Galveston's DesignWorks Bounces Back After Ike
Rosane Volchan O'Conor's After Ike I
The center of Hurricane Ike's eye passed two blocks from Galveston's DesignWorks gallery on Sept. 12. The results weren't pretty.
The gallery got 8 feet of water. Owners Stephen and Elisabeth Lanier were able to move most of the artwork up to the mezzanine, but had elevated the rest about 5 feet off the floor, which turned out not to be high enough.
They weren't able to get back into the gallery until 15 days after the storm. They spent two weeks sifting through wreckage and sludge to try to salvage what they could. They bounced around temporary homes in College Station, Bellaire and Houston, and even contemplated relocating here. But because they own the condominium that doubles as a gallery and a residence, that idea was shortlived.
"We essentially had no choice but to do something to bring the property back to a condition of reusability," Stephen Lanier said.
Now, after months of renovations, DesignWorks is back in business with a group exhibition of gallery artists aptly titled Return. Rebuild. Renew.
Not surprisingly, much of the art on view represents its creators' responses to Ike.
Take Rosane Volchan O'Conor, whose work "went swimming" when the hurricane struck because it was among those not moved to the mezzanine before the gallery flooded, Lanier said. Fascinated with the abstract patterning left by the dried mud on one of her pieces, O'Conor incorporated it into a monotype titled After Ike I.
"In a way, she's turned a negative into a positive — by finding inspiration from the mud itself," Lanier said.
Martha J. Terrill makes what Lanier describes as Joseph-Cornell-like shadowboxes. They became more ornate after Ike struck, he said.
"The one that's in the show consists entirely of debris she found walking her dog on the beach after she returned after the hurricane, including materials like house numbers and dominos and upholstery tassels," Lanier said.

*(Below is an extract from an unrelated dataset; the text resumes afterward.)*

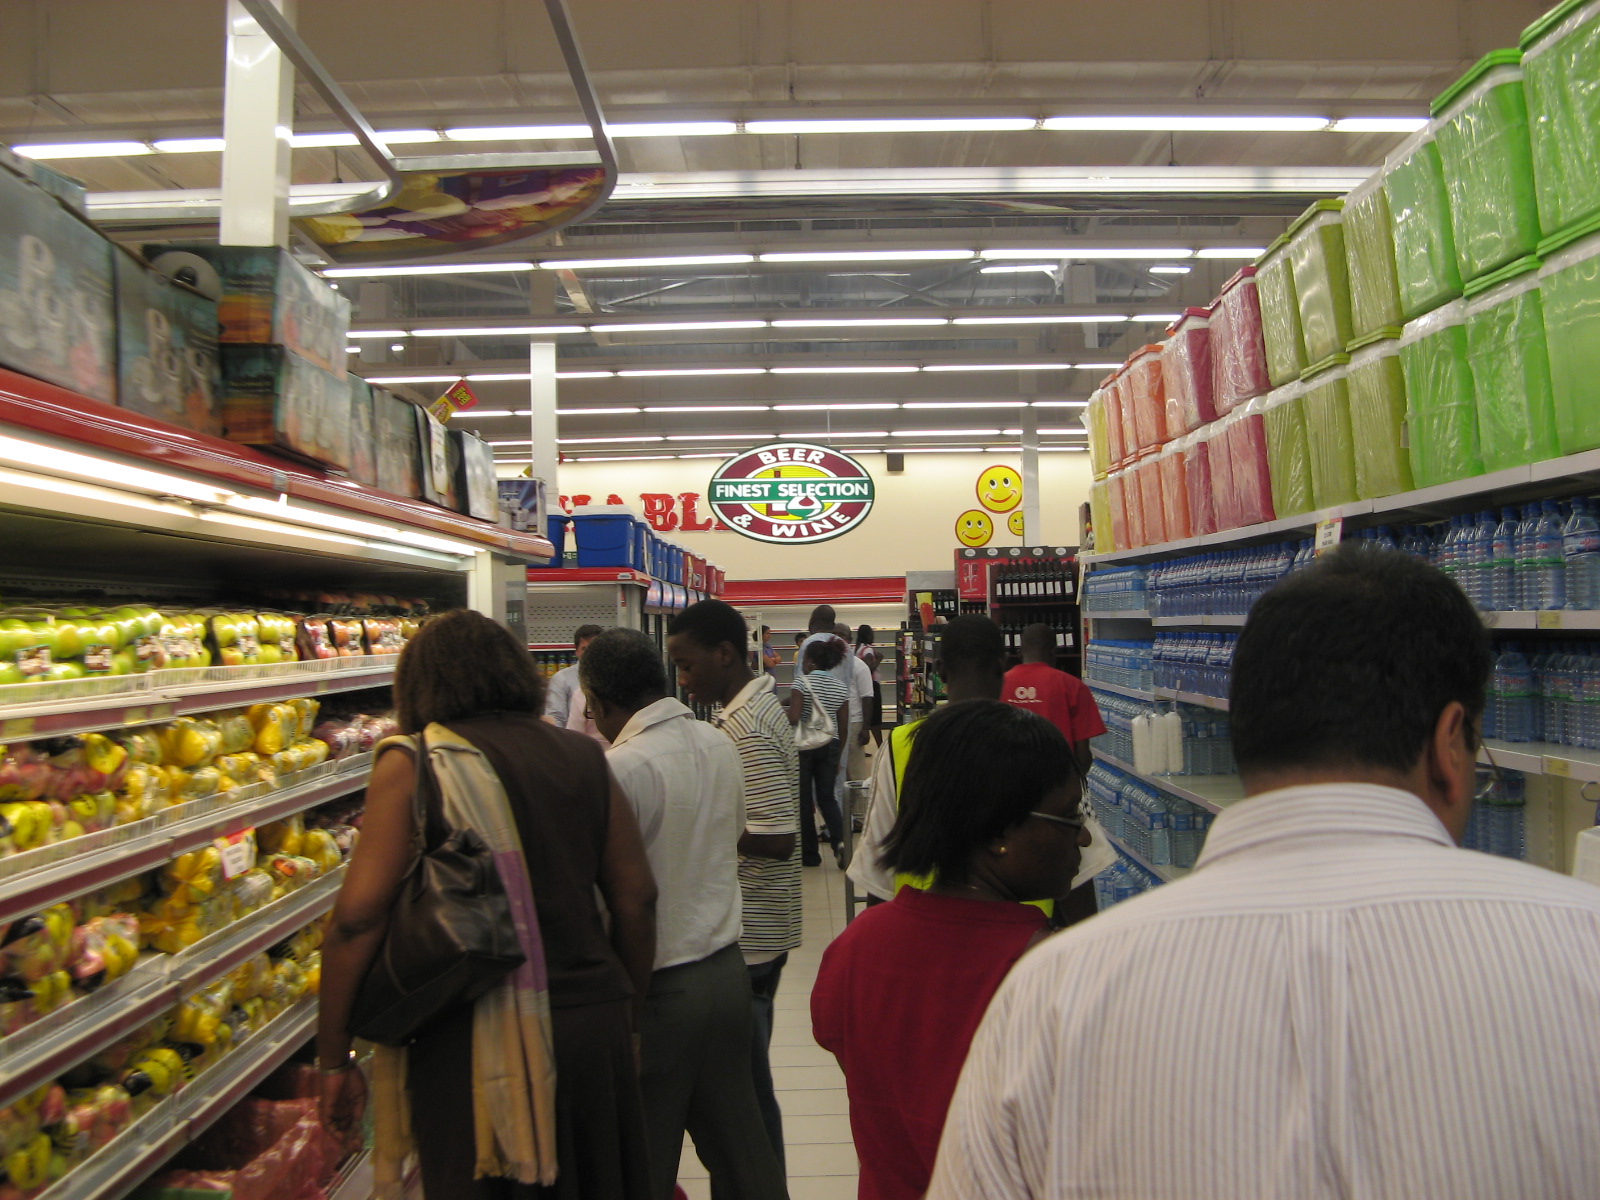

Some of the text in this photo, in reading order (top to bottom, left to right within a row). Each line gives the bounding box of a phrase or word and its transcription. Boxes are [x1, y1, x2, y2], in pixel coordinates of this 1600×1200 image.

[757, 448, 825, 465] BEER
[716, 482, 869, 498] FINEST SELECTION
[732, 511, 851, 537] & WINE

Painter René Wiley is "taking what look like they should be pretty marshscapes, and she's distressing them somewhat … adding a layer of tension behind what otherwise might appear to be straight-ahead landscape painting," Lanier said.
The first painting created by Skynear after the storm was executed in a mostly black palette, Lanier said, adding that Skynear lost everything in his downtown Galveston studio.
While the gallery's flood insurance did not cover damage to the artworks, it did enable the couple "to bring the space back to essentially the same level that we'd been at before," Lanier said, adding that the redesign has given the gallery a "much more elegant" feel.
"We actually think there's a great potential for Galveston to come back," he said.